EXERCISE INPUT

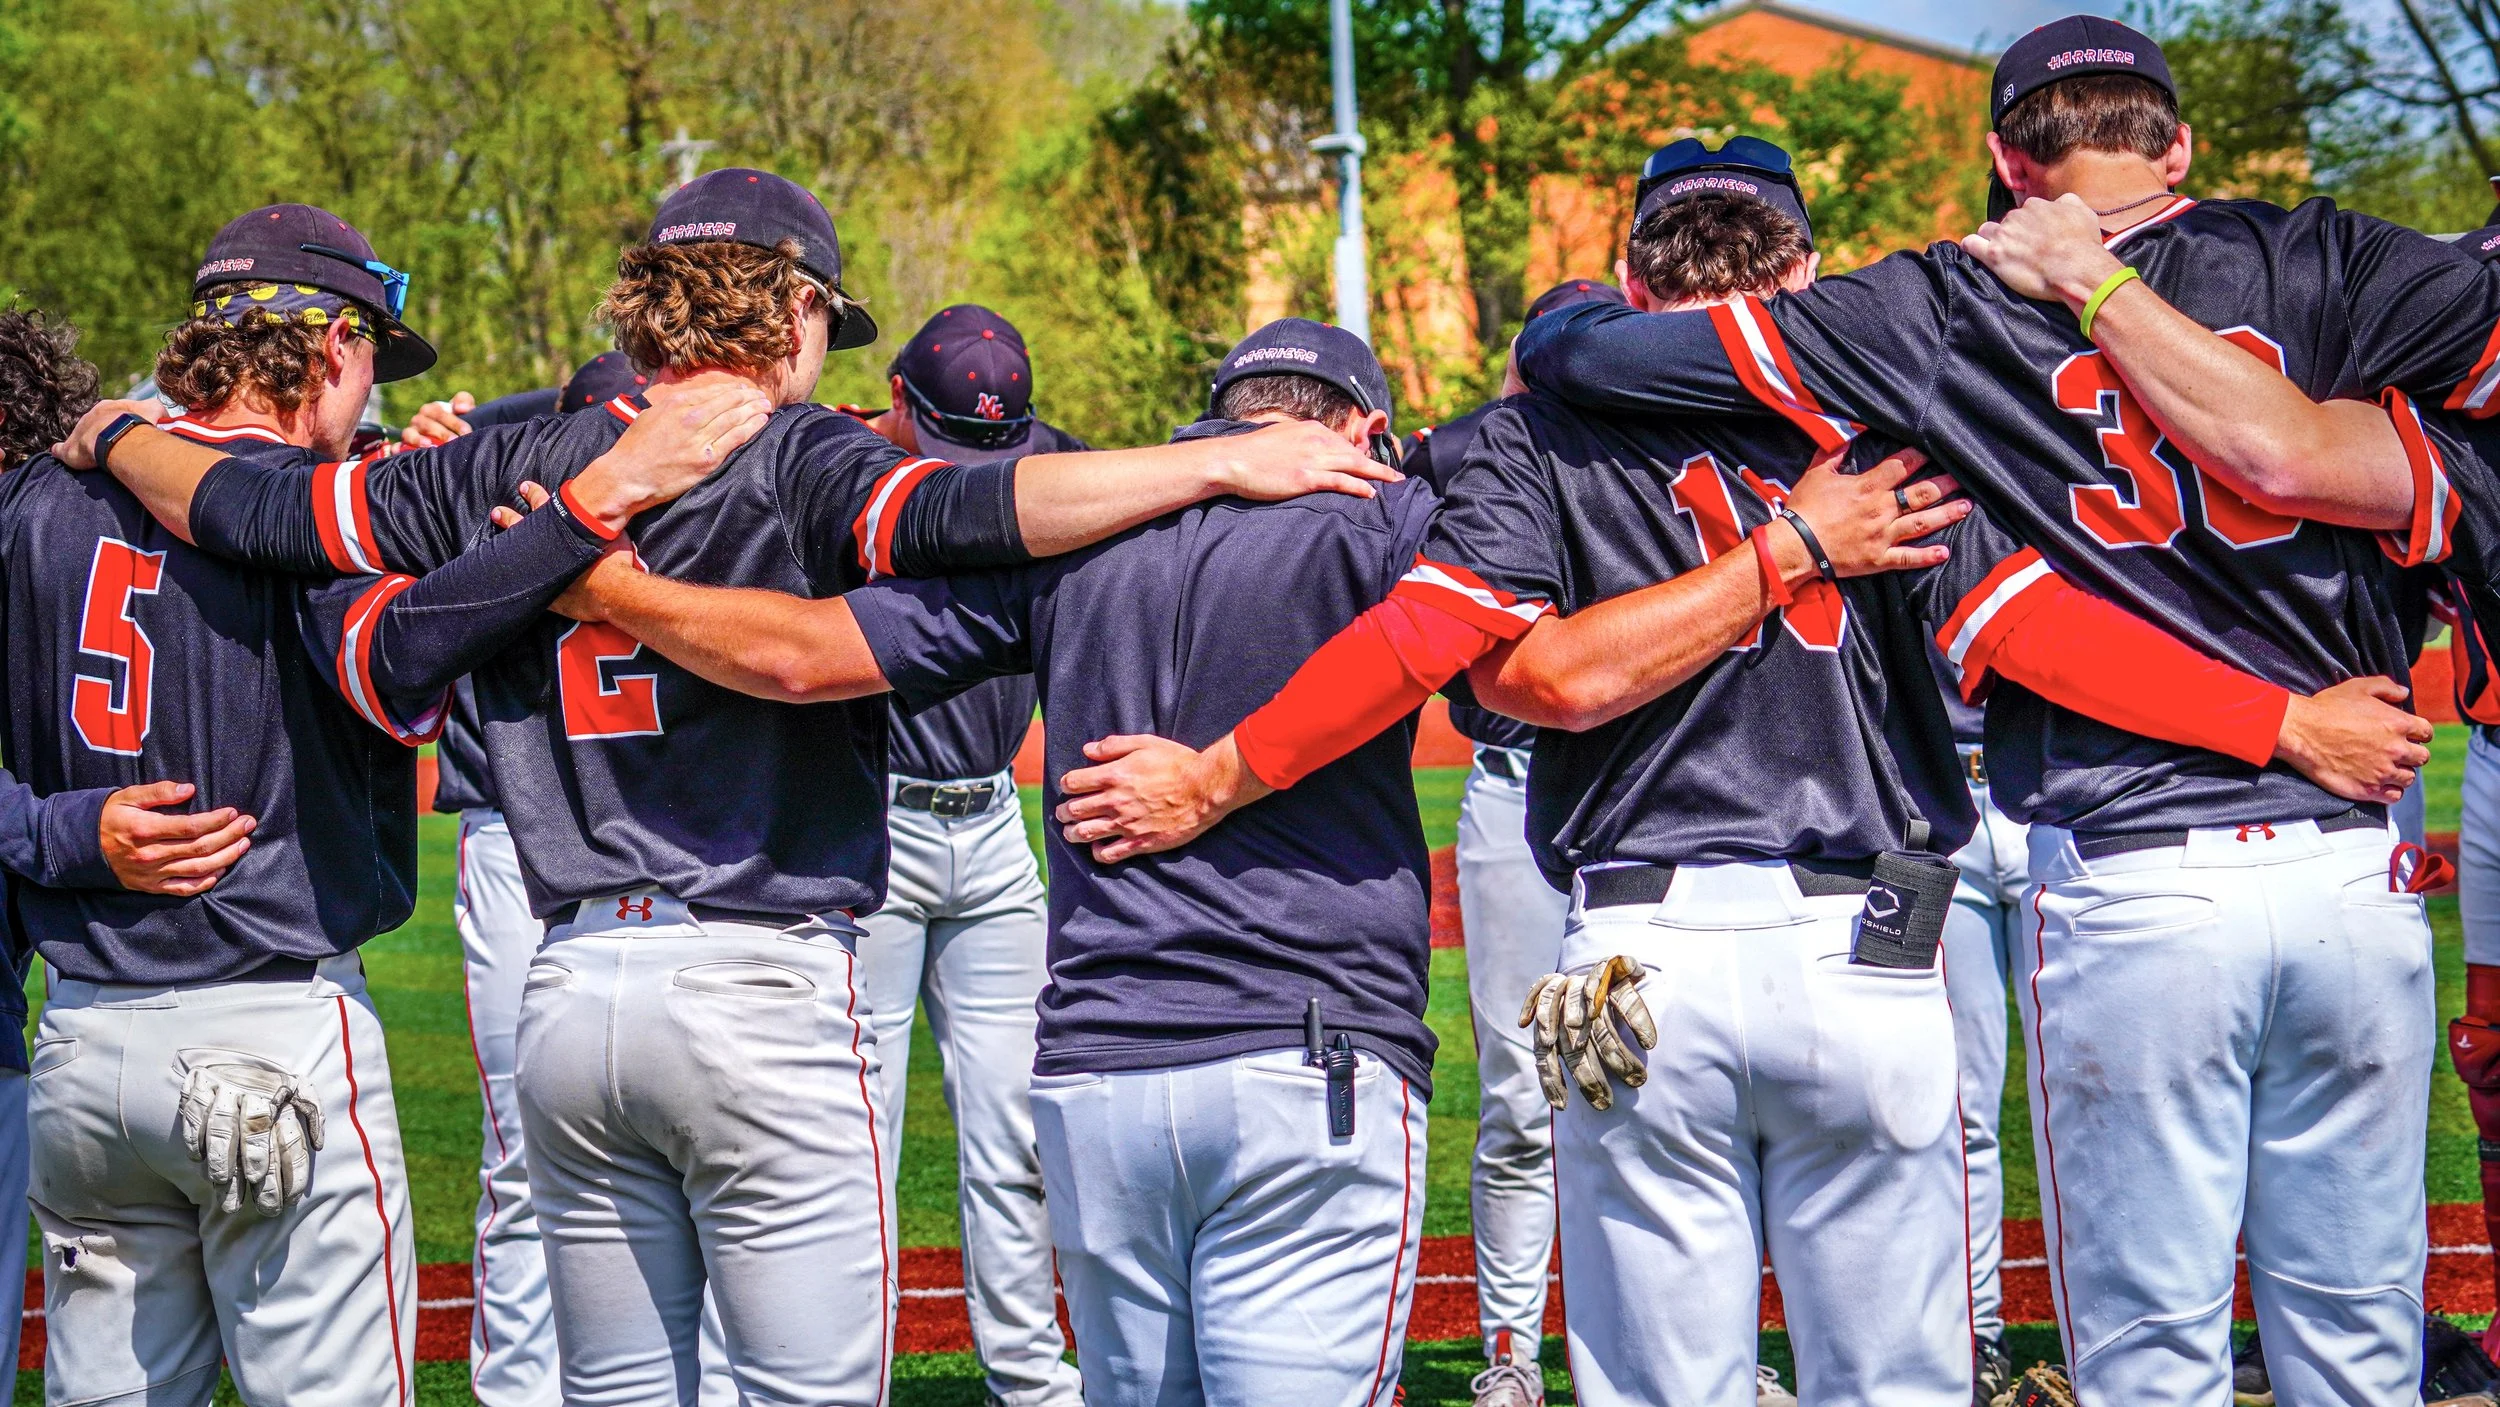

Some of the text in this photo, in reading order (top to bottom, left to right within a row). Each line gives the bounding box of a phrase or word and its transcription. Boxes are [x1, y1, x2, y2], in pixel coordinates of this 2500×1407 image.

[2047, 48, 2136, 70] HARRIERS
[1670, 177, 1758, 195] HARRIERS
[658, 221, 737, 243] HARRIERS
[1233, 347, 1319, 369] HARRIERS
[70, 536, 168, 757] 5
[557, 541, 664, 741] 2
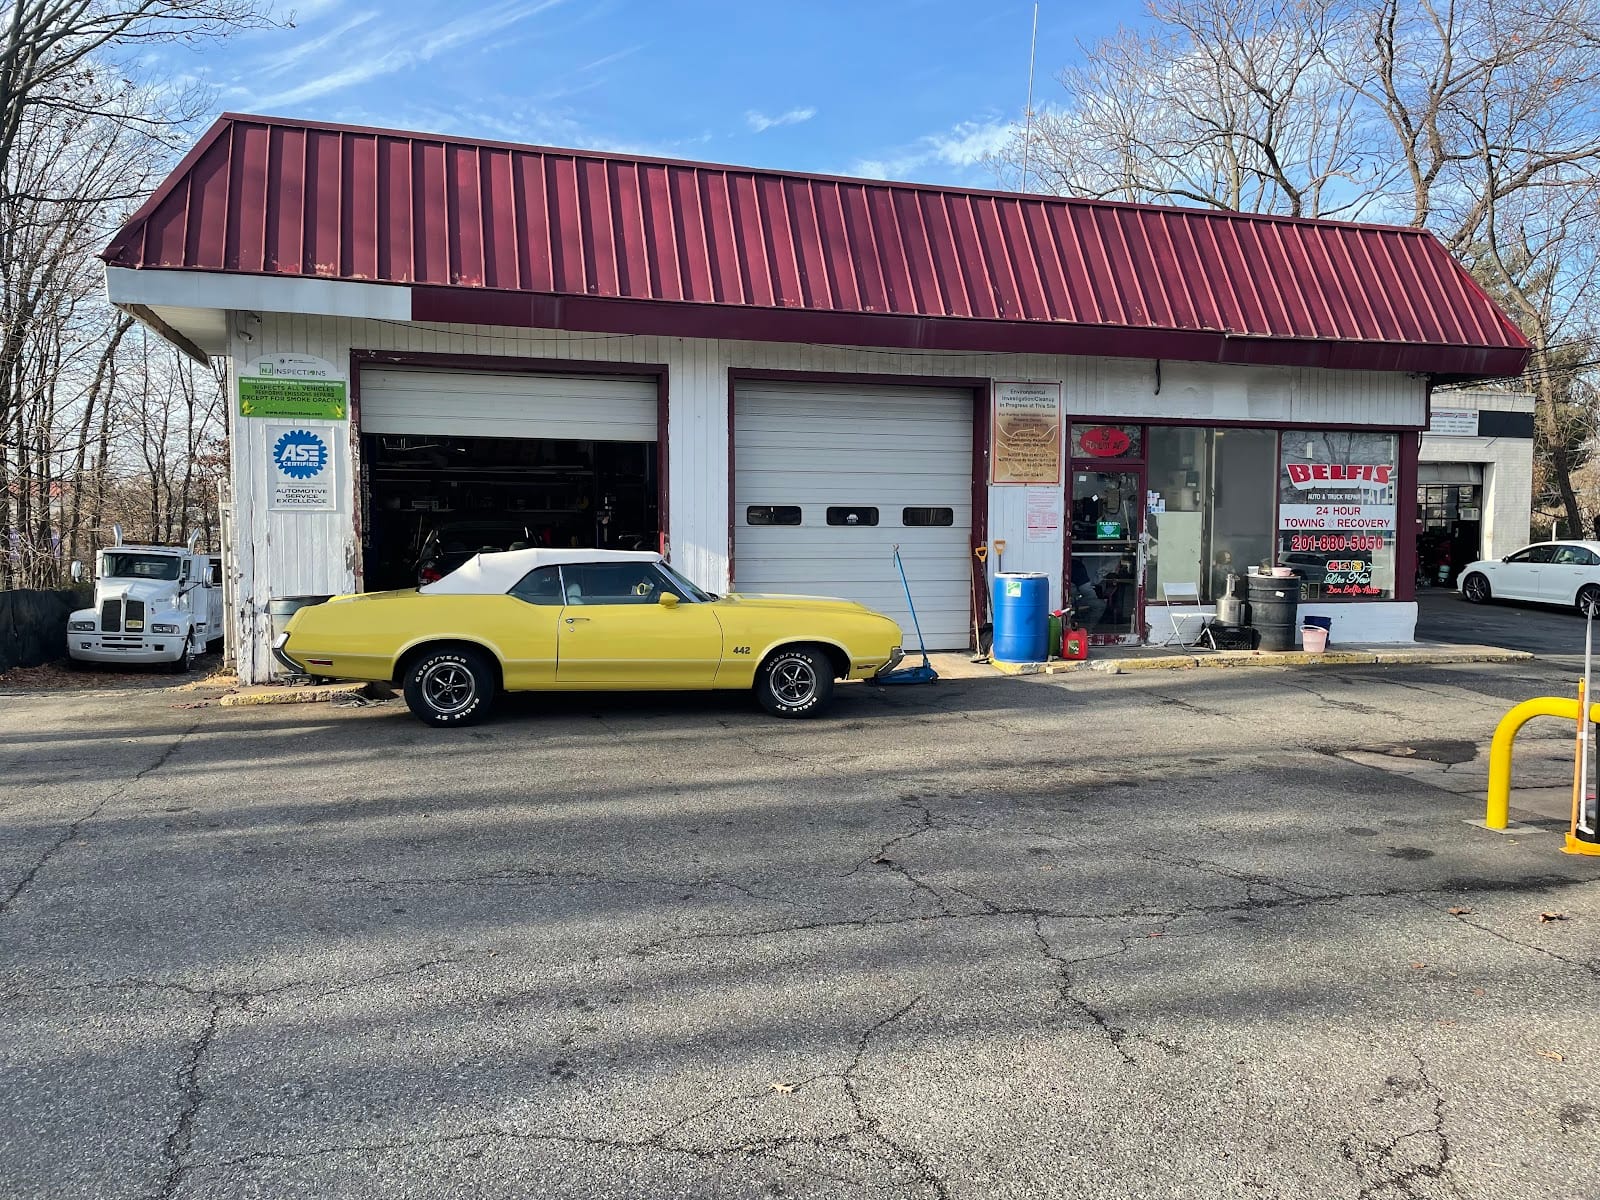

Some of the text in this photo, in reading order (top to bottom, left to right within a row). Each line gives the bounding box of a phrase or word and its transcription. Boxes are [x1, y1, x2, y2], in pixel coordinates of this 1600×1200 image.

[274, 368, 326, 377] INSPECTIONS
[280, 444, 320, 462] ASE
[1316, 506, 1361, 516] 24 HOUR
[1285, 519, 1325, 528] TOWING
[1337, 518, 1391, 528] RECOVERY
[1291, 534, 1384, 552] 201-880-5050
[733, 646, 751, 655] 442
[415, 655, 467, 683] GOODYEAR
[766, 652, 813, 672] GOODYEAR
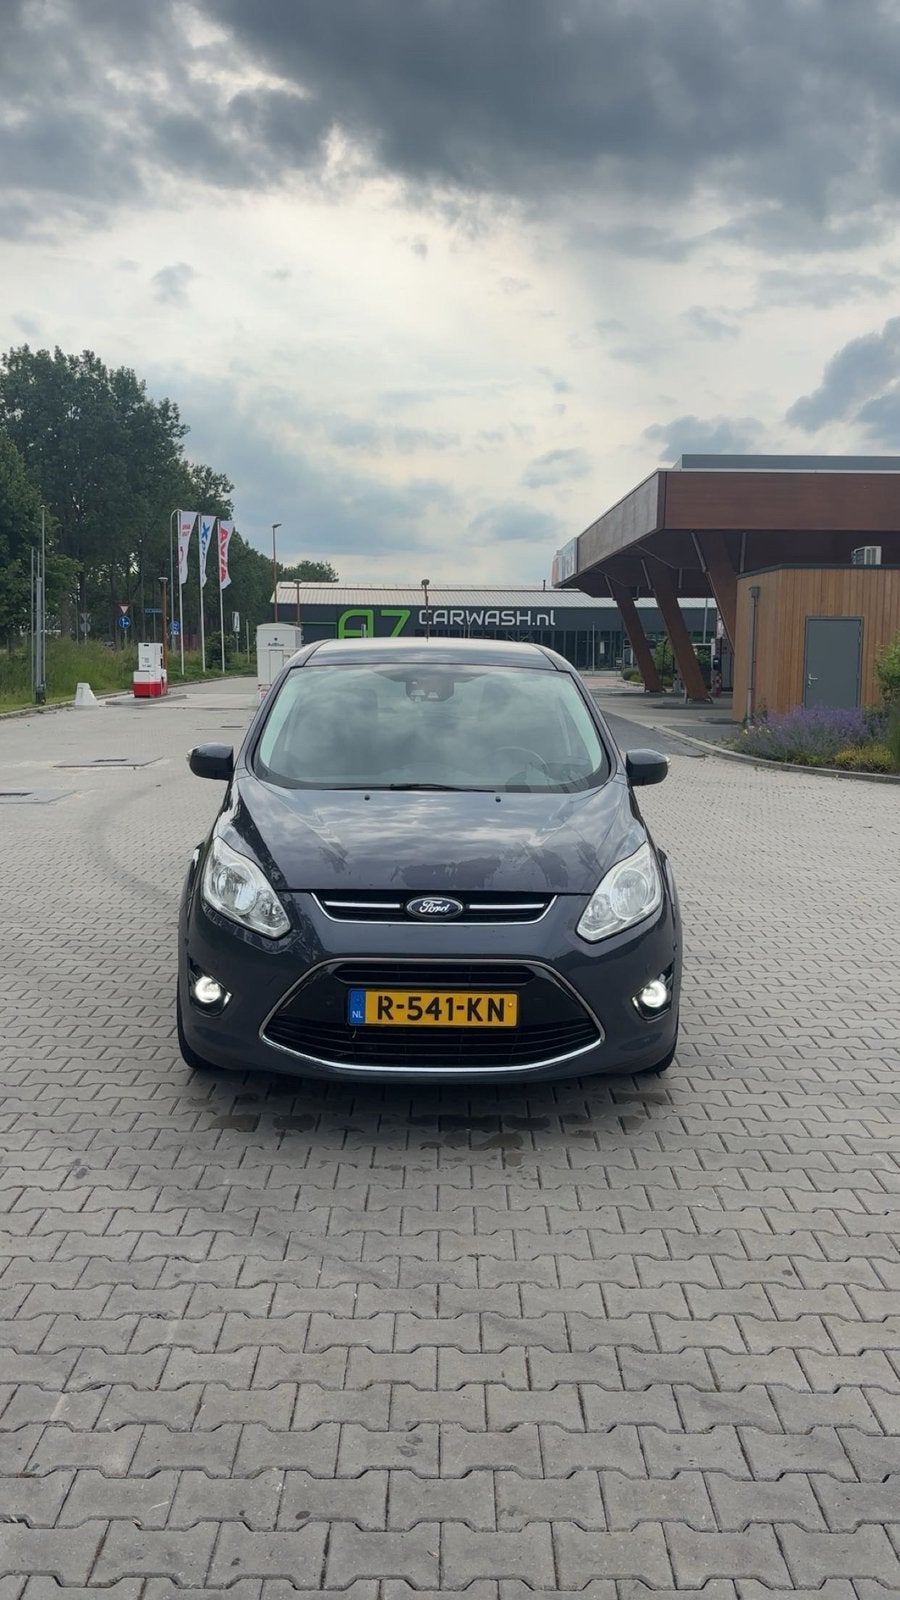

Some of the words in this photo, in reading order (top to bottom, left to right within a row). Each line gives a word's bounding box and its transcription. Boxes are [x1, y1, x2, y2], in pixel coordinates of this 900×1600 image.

EXERCISE
When copying the records, reproduce every entry exactly and omit all pictures.

ANSWER TO THE EXERCISE
Some of the text in this photo, in reading order (top to bottom, left to right within a row). Each line gives the bounding box of a phrase or word and its transcription. Boxes are [x1, y1, x2, y2], in pixel coordinates of this 2500×1407 image.

[2047, 48, 2136, 70] HARRIERS
[1670, 177, 1758, 195] HARRIERS
[658, 221, 737, 243] HARRIERS
[1233, 347, 1319, 369] HARRIERS
[70, 536, 168, 757] 5
[557, 541, 664, 741] 2

Some of the text in this photo, in reading order (top to bottom, left to right within a row). Each line gives the bounding box of a phrase or word and its transcription. Boxes are [x1, y1, x2, y2], in pixel coordinates of this 1600×1200 image.

[274, 368, 326, 377] INSPECTIONS
[280, 444, 320, 462] ASE
[1316, 506, 1361, 516] 24 HOUR
[1285, 519, 1325, 528] TOWING
[1337, 518, 1391, 528] RECOVERY
[1291, 534, 1384, 552] 201-880-5050
[733, 646, 751, 655] 442
[415, 655, 467, 683] GOODYEAR
[766, 652, 813, 672] GOODYEAR

Some of the words in this photo, in reading order (top to bottom, left to right within a row). Each line gives a word's bounding box and its transcription. Boxes are [x1, y1, x2, y2], in pixel coordinates of this 900×1600 image.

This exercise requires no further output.